The current, low oil price (West Texas Intermediate (WTI) crude oil is 45.52 USD/barrel [16][11]) results in a 0.29 USD/L petroleum price that causes unprofitable biodiesel production even for the most efficient producer, the USA. This is even worse if the lower energy content of biodiesel is taken into account (weighted USD/L price). Practically it means that without additional support, tax credit or blending mandate, biodiesel production could not be profitable even for the most efficient producers[12] [1]. The major raw material is soybean in the USA, Argentina and Brazil. Although its oil content is low (only 18%), the remaining meal is a valuable feed with good export markets for Argentina and Brazil [17][13]. In the case of the USA, the production process is also strengthened by genetic engineering to increase soybean yields and oil content. The Indonesian biodiesel production is based on palm oil with a production cost of 0.68 USD/L, while the rapeseed-based European production is the most expensive among the analyzed countries (0.75 USD/L). However, it should be kept in mind that most of these values are subject to changes in exchange rates (local currency/USD), e.g., the strong euro against the US dollar in 2019 made the European production cost higher.

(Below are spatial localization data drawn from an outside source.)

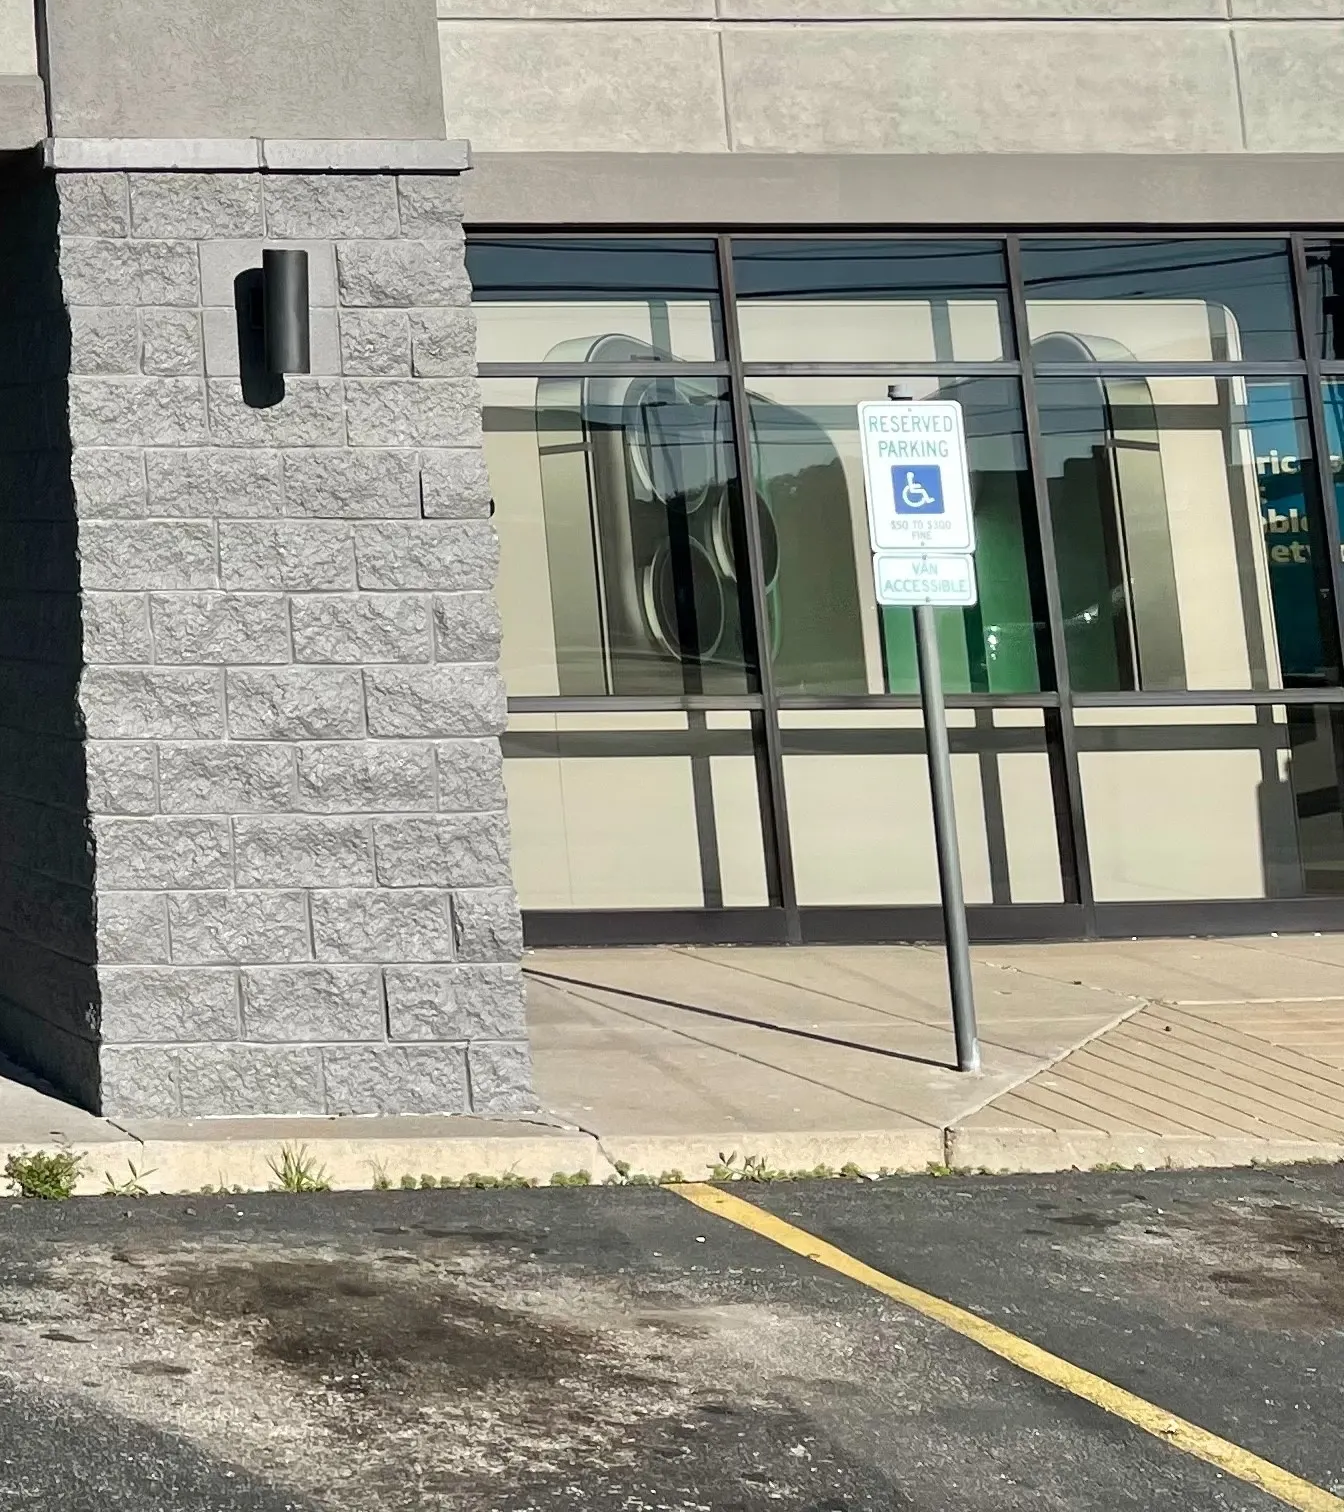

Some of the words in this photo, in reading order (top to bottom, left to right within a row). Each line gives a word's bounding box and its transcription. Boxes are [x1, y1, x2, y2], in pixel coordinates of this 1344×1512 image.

[868, 415, 953, 433] RESERVED
[878, 440, 949, 458] PARKING
[891, 520, 909, 530] $50
[912, 520, 923, 530] TO
[928, 520, 952, 530] $300
[912, 531, 932, 540] FINE
[912, 562, 938, 575] VAN
[884, 579, 968, 593] ACCESSIBLE

The world biodiesel production is highly concentrated, where the four largest producers provide 78.63% of the total production (Figure 1). The EU produced 14,600 million liters of biodiesel (31% of the total production) and the USA produced 9,031 million liters (19% share), while the Indonesian and Brazilian productions were 7,380 and 5,800 million liters (16% and 13% of the global production, respectively).

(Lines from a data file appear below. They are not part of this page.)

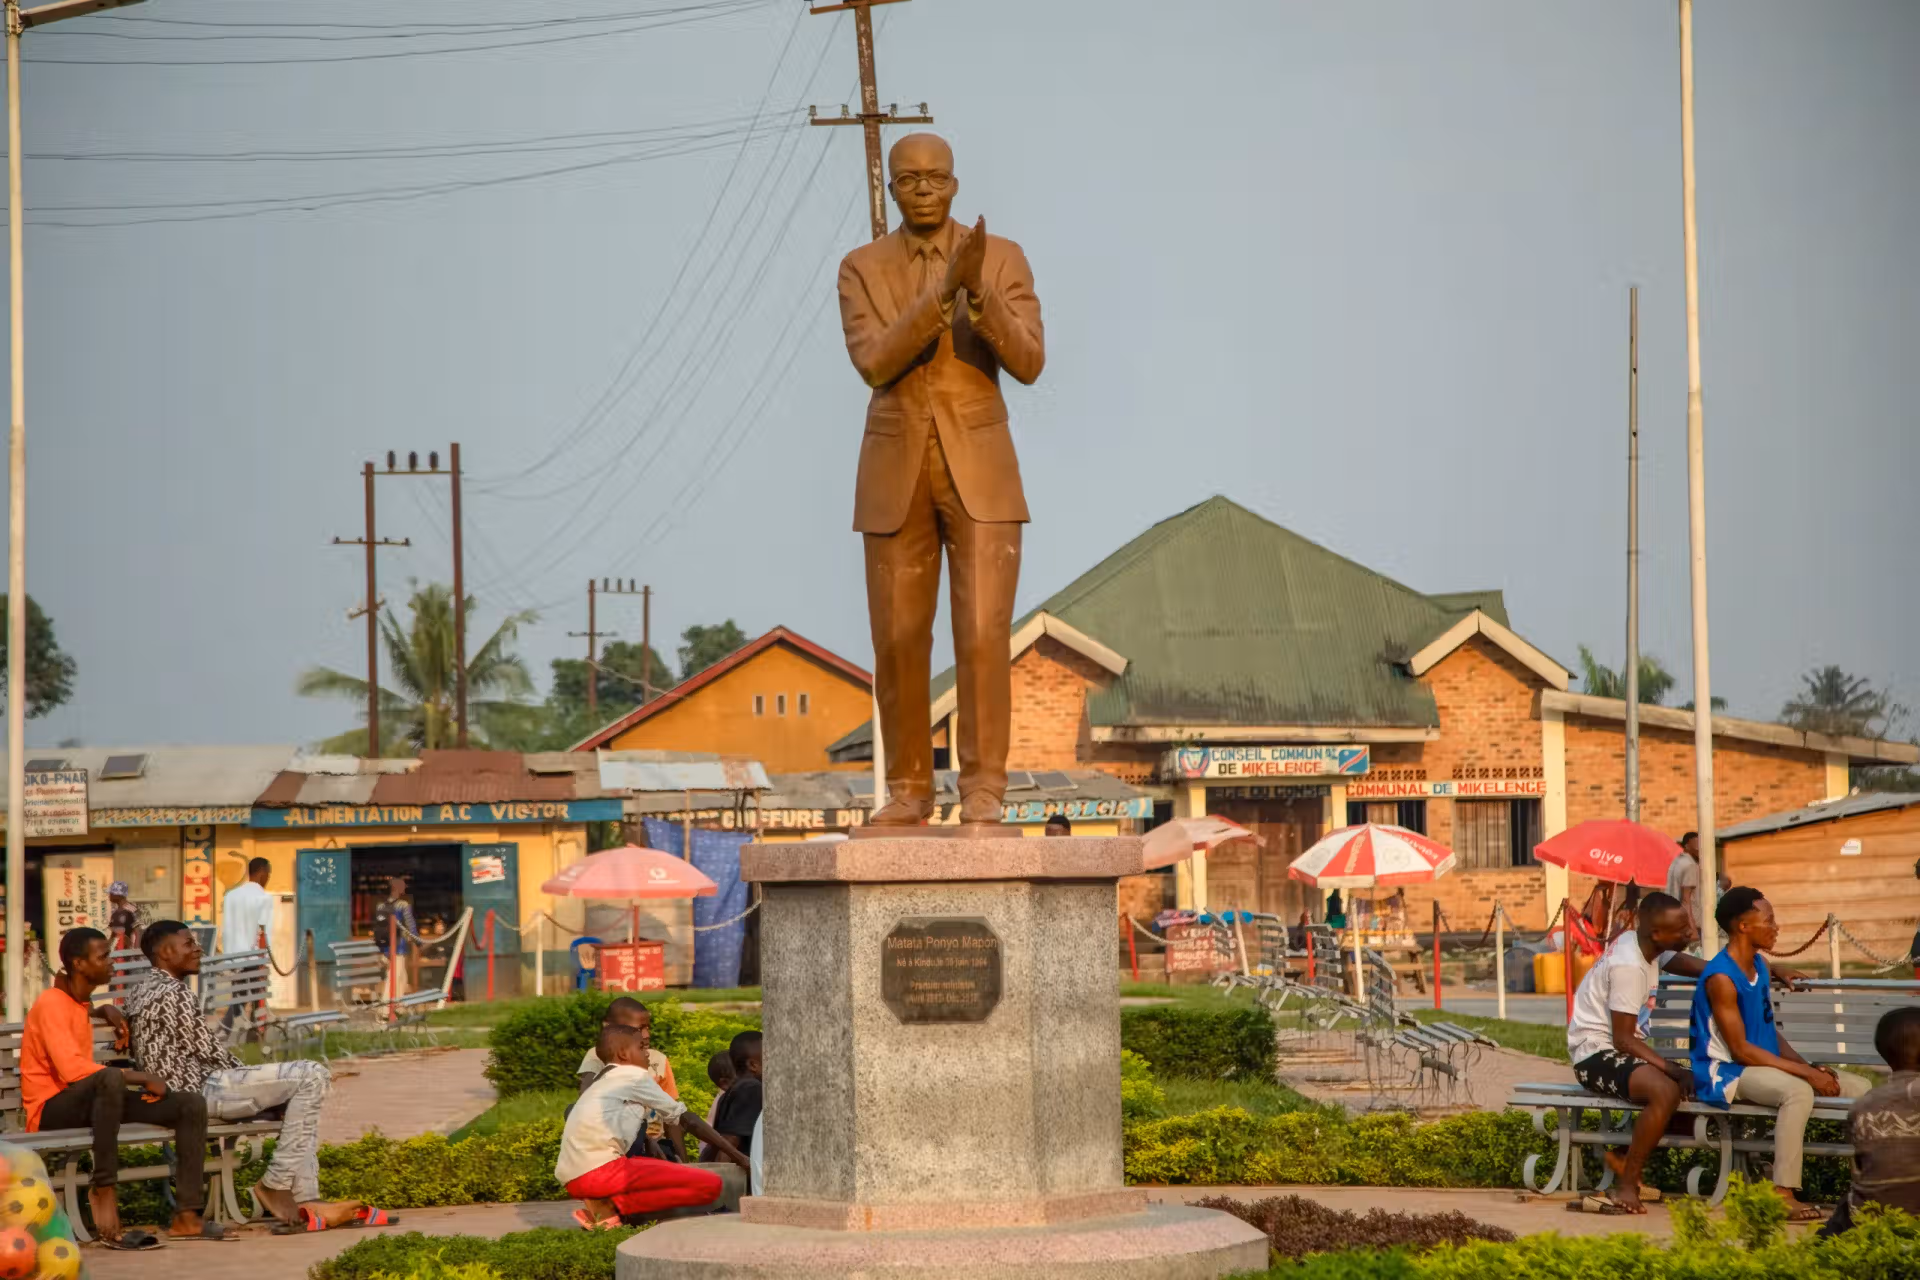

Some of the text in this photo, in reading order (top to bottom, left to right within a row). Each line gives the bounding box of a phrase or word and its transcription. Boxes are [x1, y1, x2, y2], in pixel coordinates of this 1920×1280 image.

[1212, 749, 1266, 761] CONSEIL
[1218, 763, 1237, 774] DE
[1346, 784, 1428, 796] COMMUNAL
[1433, 783, 1453, 794] DE
[284, 805, 423, 826] ALIMENTATION
[489, 802, 569, 820] VICTOR
[836, 809, 864, 827] DU
[887, 937, 922, 949] Matata
[926, 936, 959, 950] Ponyo

Figure 1. World biodiesel production and its composition, 2019 (million liters). Source: authors’ composition based on [14].

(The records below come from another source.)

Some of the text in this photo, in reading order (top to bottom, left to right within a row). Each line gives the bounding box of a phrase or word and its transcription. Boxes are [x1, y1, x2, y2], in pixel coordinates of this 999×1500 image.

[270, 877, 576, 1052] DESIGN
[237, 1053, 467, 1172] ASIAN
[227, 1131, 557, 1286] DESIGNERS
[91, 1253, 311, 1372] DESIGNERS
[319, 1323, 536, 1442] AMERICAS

World biodiesel production and its composition, 2019 (million liters). Source: authors’ composition based on[9].
Despite the highest production cost, the EU as a whole is the major biodiesel producer of the world. This reflects the highest share of diesel cars in Europe which was 41.9% of the vehicle fleet [18][14] with a 35.9% share of new passenger cars in 2018 [19][15]. However, this differs greatly among the member states, e.g., this was 60.0% in Spain, 51.9% in France, 44.4% in Italy and 32.2% in Germany [18][14]. Biodiesel is used mostly for buses and light, medium and heavy commercial vehicles in the other significant producer countries, as well as being blended with petroleum according to the different blending mandates of the countries. Brazil can be characterized by a high share of flexible-fuel vehicles, while diesel passenger cars have a negligible role in the USA.
As of the future, biodiesel production is expected to decrease by 2.53% in the next ten years; however, the market structure will not change significantly [14][9]:
The TOP5 producer will be the same in 2029;
The share of the EU, the USA and Indonesia will slightly decrease;
Meanwhile, the share of Brazil and Argentina is expected to increase.
Beside the commercial vehicles, biodiesel is used as an additive to petroleum. Its share can vary between 1 (B1) to up to 100% (B100). Blending mandates are an important and stable element of the biodiesel demand, and they also maintain and even boost the biodiesel production. Maintaining biorefineries is important, independent of the (low) oil prices, as they are an important source of innovations. Biodiesel blending mandates vary around the world [20][16]:
Argentina introduced B10; however, the country exports more biodiesel than its domestic consumption;
Brazil has the B10 mandate and the country is 100% self-sufficient with almost no exports or imports;
Biodiesel use in China and India is insignificant;
The EU’s blending objective for 2020 is B7; however, that may differ at the country level;
Indonesia has recently introduced B20;
No country-level mandates in the USA; only Oregon introduced B5 at the state level, while the B20 mandate is delayed for Minnesota.